Flores’ and Stargel’s proposed rewrite to the House bill incorporates multiple pieces of legislation or policy ideas lawmakers from either or both chambers had discussed this session — some of which had already previously been tacked on to SB 926 — including:
▪ testing reforms that eliminate the Algebra II and civics end-of-course exams — two fewer than the four exams Flores’ bill cut;
▪ mandating a study by the state education commissioner as to whether national exams, such as the ACT or SAT, could be substituted for the Florida Standards Assessments or other end-of-course exams;
▪ requiring assessments in grades 3 through 5 to be administered in pencil-and-paper format, starting in the 2018-19 school year;
▪ shifting the testing schedule for all statewide exams to a two- to four-week window, no earlier than April 1, depending on the test;
▪ expediting when test results are returned to parents and requiring a more “easy-to-read and understandable” report of their child’s results;
▪ requiring the Department of Education to publish statewide assessments every three years, starting in 2019-20;
▪ mandating 20 minutes of daily recess for all elementary school students, separate from physical education classes;
▪ allowing the use of school playground and sports facilities by local communities and non-profit organizations;
▪ granting more explicit rights for school board members and charter school governing board members to visit schools they oversee;
▪ letting “high-performing charter schools” replicate in “the area of a persistently low-performing school,”
▪ and allowing some charter schools to set up in places such as libraries, church property, theaters or public colleges and universities without getting a special zoning or land-use exception.
At their Thursday caucus breakfast, Democrats seemed much more open to the testing reforms and broader education policies than they had been 24 hours prior, when Montford said he couldn’t support Flores’ bill.
Montford and Broward County Sen.

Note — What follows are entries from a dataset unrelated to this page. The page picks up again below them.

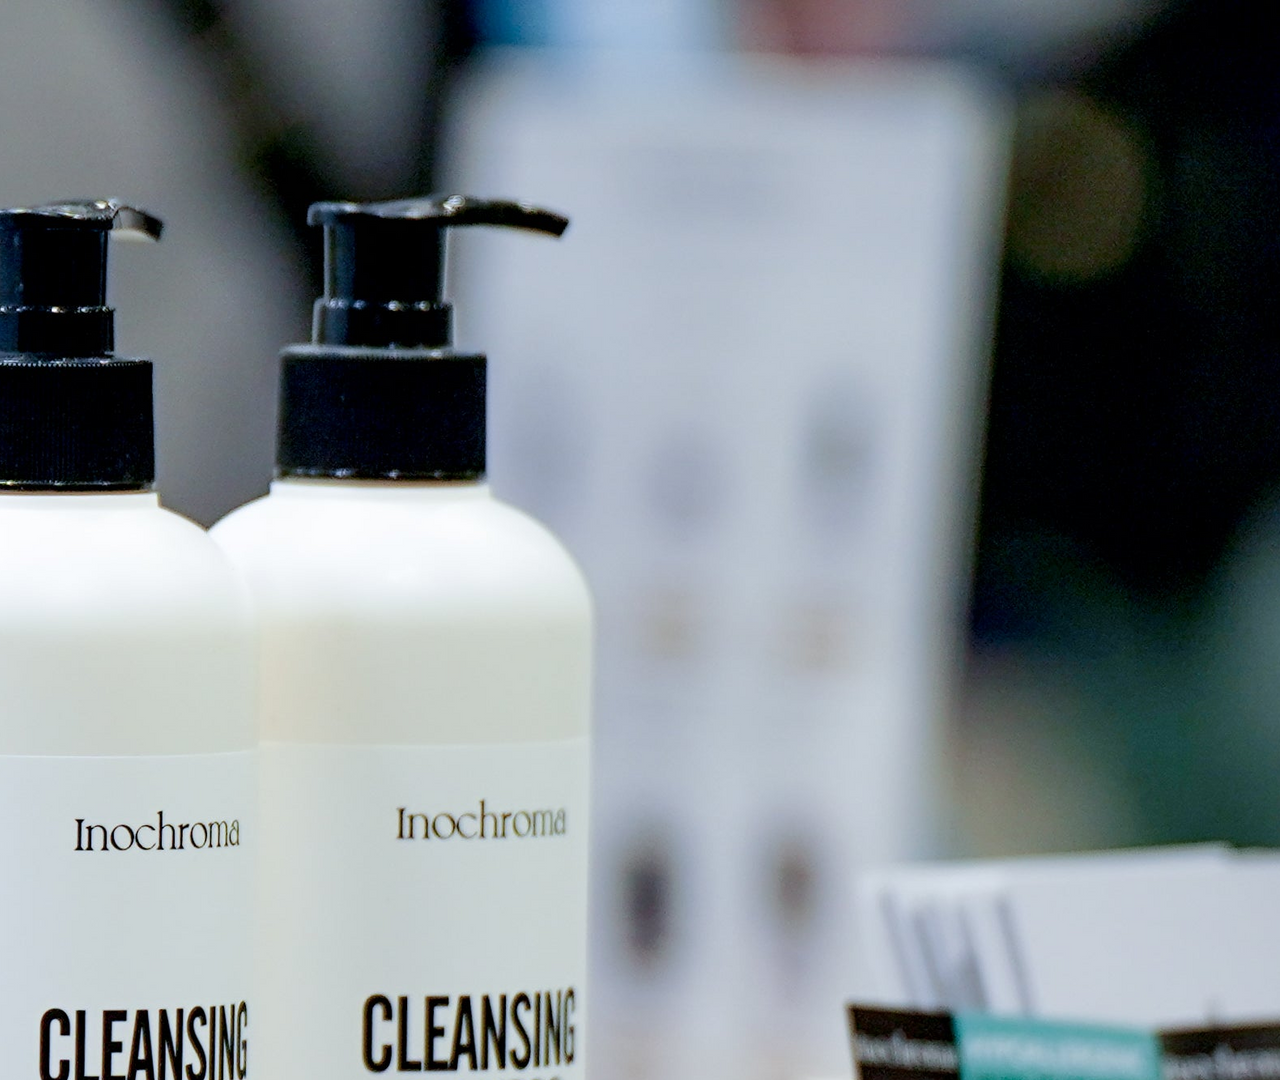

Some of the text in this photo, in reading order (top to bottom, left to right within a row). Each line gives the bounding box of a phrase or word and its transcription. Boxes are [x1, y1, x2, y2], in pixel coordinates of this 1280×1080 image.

[74, 811, 240, 852] Inochroma
[396, 801, 566, 841] Inochroma
[363, 986, 576, 1073] CLEANSING
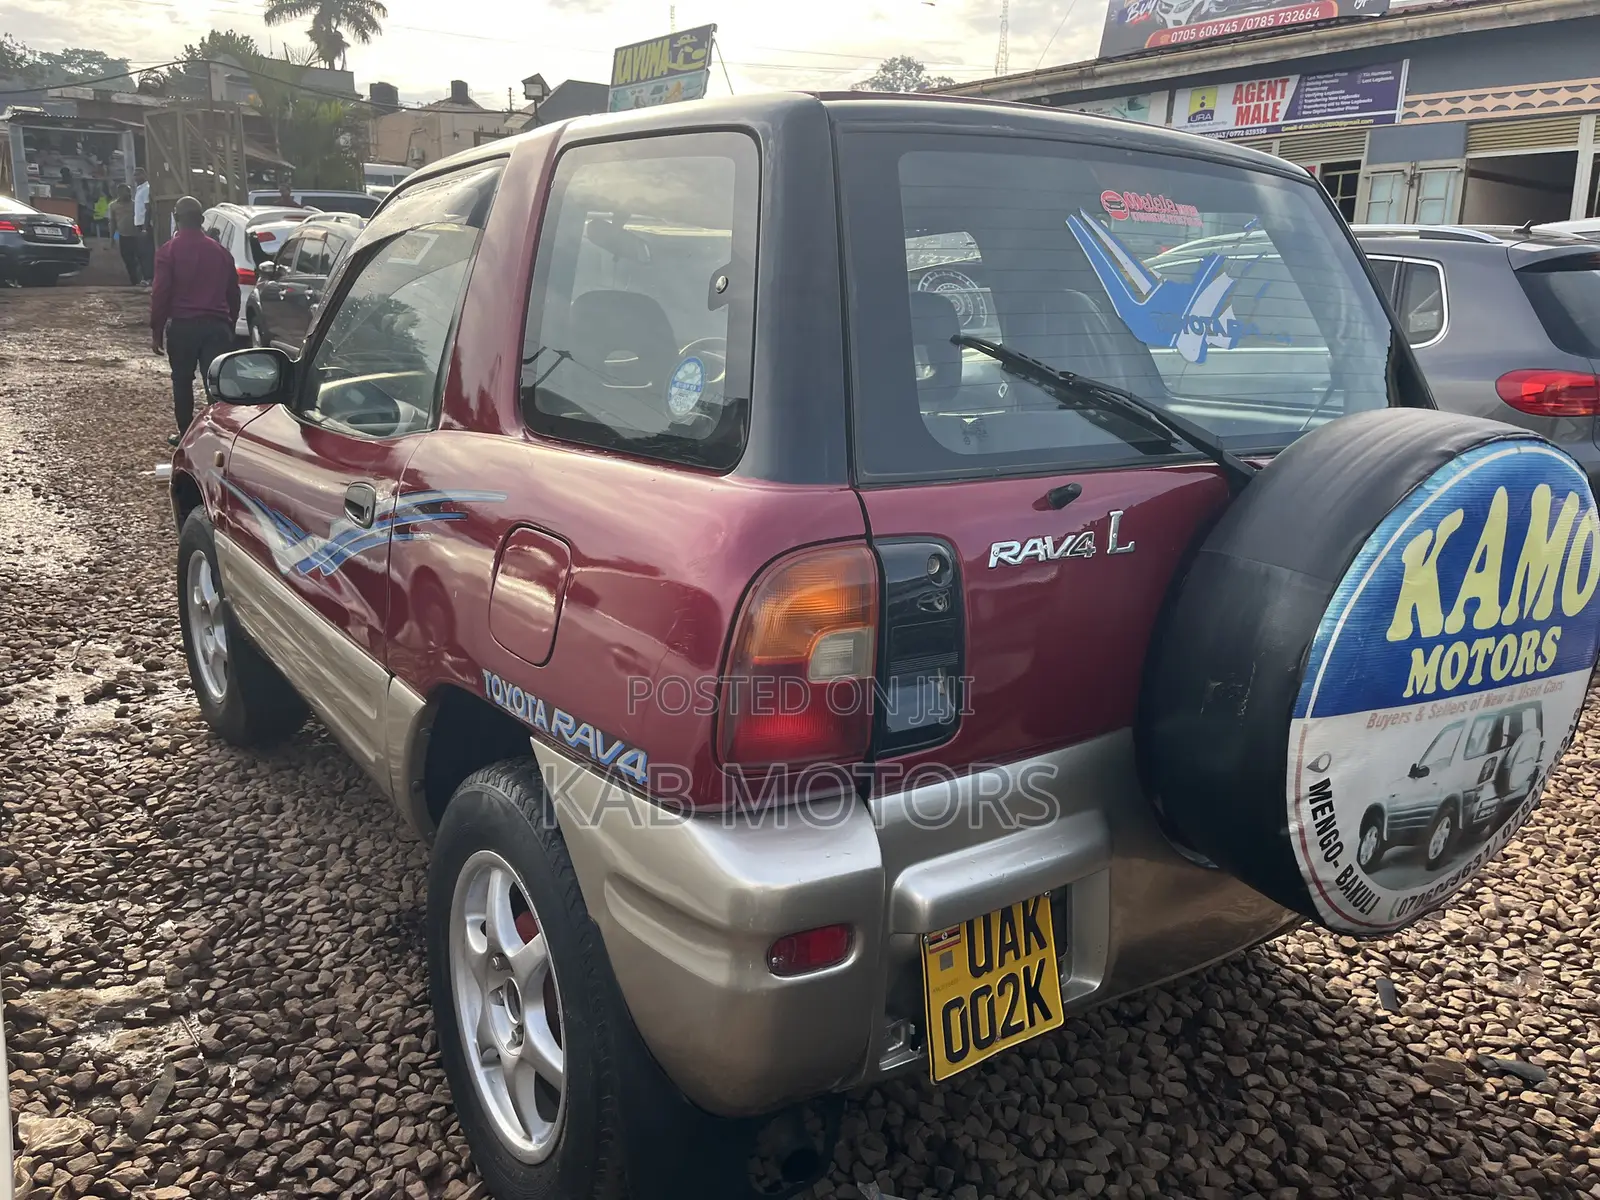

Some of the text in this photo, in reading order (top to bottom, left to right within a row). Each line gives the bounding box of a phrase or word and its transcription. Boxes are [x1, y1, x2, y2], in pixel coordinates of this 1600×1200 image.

[1170, 30, 1196, 43] 0705
[1199, 20, 1238, 39] 606745
[1278, 6, 1320, 25] 732664
[613, 38, 671, 86] KAVUMA
[1232, 77, 1290, 105] AGENT
[1190, 113, 1213, 123] URA
[1235, 101, 1281, 126] MALE
[988, 510, 1136, 569] RAV4 L
[1386, 483, 1600, 642] KAMO
[1402, 626, 1562, 698] MOTORS
[482, 668, 649, 785] TOYOTA RAV4
[1366, 711, 1412, 731] Buyers
[1428, 700, 1468, 719] Sellers
[1308, 777, 1381, 916] MENGO- BAKULI
[966, 894, 1047, 979] UAK
[941, 957, 1053, 1064] 002K
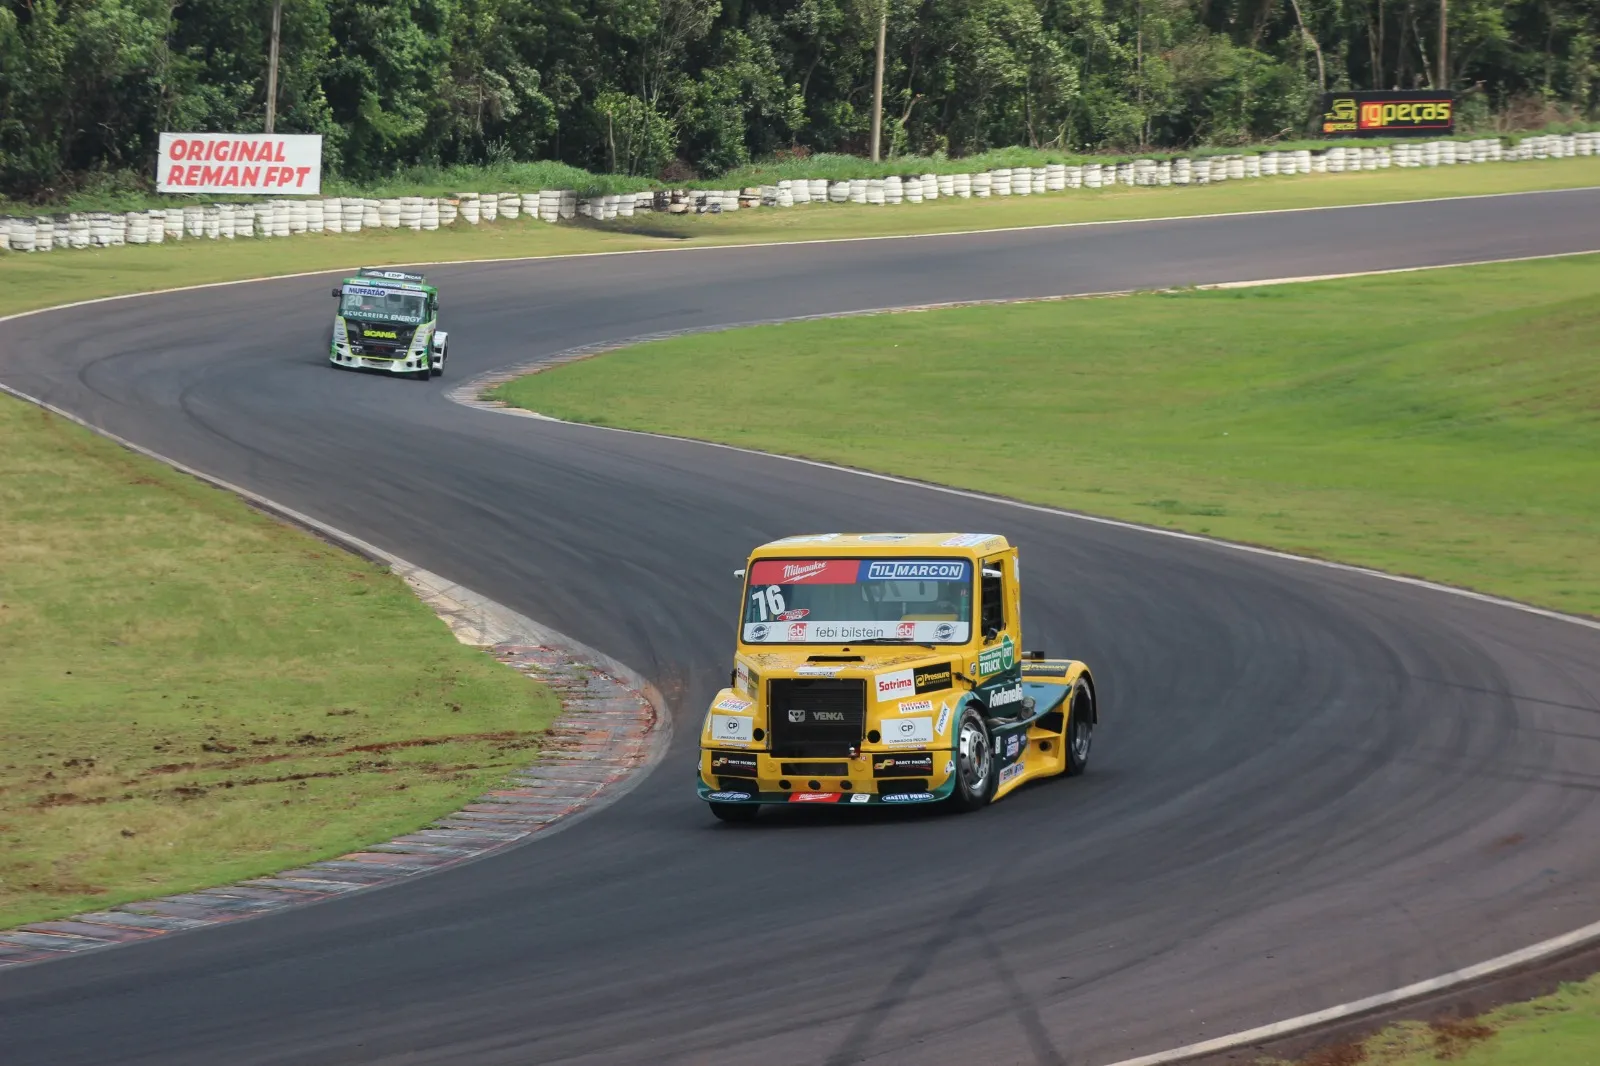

Gary Farmer, D-Lighthouse Point, on Thursday praised Flores and Stargel as “open and accepting” and “exceptionally cooperative” to the Democrats’ input.
“What we agreed to yesterday — and I think that’s what’s here — is good,” Montford said, adding the caveat that he had not yet had time to carefully study the rewrite. “It’s not exactly what we sought after at the beginning of the year, but in my estimation, it’s a good beginning.”
Farmer said there were some provisions he still wasn’t happy about, such as the charter school zoning exemption, but “it could have been a lot worse, and I think we’ve done a lot to fix it.”
“Certainly, Senator Montford and I and a lot of people in this room wish that we were doing more in the elimination of testing. I think there are pieces of this thing that we would rather live without if we could — but you have to be able to count in this process,” Farmer said.